Tudo em seu corpo havia sido revigorado, como se tivesse acordado de um sono profundo pronta para uma batalha. Faíscas e água giravam em torno da jovem e desapareceram ao tocar na terra.

Sayne a observava confiante, embora disfarçasse, posicionando-se diante dela com os olhos cerrados.

— Confio em você, garota. — Deu uma palmadinha terna no ombro esquerdo e virou-se, seguindo rumo à casa de campo. Não conseguiu conter o sorriso singular e luminoso que ninguém poderia ver.

Assim que Marine colocou os pés na Casa de Campo, os olhares dos demais membros foram um tanto mais acolhedores, alguns apáticos, contudo não a insultavam e isso já significava muito. A confiança vinda da evocação pulsava em seu peito célere e a fez caminhar entre as pessoas sem aquele medo corrosivo que a açoitava desde o primeiro dia. Buscou o celular na bolsa lateral e mandou mensagem para Sarah, que logo avisou que estava com William em uma das salas da Congregação e que em poucos minutos estaria livre.

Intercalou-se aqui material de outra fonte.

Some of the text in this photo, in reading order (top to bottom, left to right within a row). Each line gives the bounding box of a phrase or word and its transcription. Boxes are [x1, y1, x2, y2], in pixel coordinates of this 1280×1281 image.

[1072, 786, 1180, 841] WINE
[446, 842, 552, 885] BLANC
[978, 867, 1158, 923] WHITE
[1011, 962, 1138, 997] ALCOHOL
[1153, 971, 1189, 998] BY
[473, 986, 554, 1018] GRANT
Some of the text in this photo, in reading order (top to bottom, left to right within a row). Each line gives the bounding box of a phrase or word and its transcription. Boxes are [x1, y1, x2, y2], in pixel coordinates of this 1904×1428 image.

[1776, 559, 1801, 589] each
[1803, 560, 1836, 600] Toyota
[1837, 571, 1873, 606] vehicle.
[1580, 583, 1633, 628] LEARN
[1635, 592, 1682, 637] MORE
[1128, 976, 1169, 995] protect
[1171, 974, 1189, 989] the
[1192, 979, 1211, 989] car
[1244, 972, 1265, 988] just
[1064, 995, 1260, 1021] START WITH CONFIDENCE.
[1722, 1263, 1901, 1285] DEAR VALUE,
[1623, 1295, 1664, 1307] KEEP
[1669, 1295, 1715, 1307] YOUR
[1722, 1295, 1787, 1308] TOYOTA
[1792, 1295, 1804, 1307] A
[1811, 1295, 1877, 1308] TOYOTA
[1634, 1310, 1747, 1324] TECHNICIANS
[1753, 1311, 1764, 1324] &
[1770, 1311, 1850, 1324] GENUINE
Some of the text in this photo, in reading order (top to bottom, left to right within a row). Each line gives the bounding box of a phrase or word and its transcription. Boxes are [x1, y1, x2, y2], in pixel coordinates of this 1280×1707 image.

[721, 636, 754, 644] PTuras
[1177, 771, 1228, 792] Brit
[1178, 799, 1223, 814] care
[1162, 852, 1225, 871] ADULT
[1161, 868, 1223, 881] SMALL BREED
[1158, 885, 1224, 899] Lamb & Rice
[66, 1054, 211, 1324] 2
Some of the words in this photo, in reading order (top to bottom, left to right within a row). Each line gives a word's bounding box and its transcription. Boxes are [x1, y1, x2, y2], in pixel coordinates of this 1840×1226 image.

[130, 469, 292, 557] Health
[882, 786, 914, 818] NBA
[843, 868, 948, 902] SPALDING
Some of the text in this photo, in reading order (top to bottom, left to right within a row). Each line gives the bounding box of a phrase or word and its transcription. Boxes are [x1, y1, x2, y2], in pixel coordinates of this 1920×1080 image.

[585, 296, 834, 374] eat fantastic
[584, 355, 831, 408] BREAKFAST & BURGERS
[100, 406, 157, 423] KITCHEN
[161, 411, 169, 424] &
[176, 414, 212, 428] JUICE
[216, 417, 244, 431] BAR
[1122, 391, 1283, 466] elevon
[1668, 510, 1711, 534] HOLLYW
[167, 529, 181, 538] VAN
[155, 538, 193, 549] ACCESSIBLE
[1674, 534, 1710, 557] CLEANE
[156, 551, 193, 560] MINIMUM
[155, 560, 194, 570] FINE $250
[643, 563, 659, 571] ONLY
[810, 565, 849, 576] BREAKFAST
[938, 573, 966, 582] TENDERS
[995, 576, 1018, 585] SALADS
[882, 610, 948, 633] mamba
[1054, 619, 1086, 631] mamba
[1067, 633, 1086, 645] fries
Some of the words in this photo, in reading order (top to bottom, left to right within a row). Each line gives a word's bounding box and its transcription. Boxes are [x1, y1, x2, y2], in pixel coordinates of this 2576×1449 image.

Os olhos de Marine miraram da escada ao mezanino e ligou para Josh com o intuito de saber onde era o quarto de Taylor. O amigo atendeu de imediato e ficou receoso em responder, mas a orientou pedindo para não procurar mais problemas. Ela o tranquilizou, seguiu pela escada e caminhou pelo corredor certo, parando diante da porta. Agradeceu, desligou e bateu à porta.

Taylor organizava algumas anotações, surpreendendo-se ao ouvir alguém bater à porta. Imaginou ser Carl, então respirou profundamente e abriu reclamando.

— O que você quer? — perguntou Taylor.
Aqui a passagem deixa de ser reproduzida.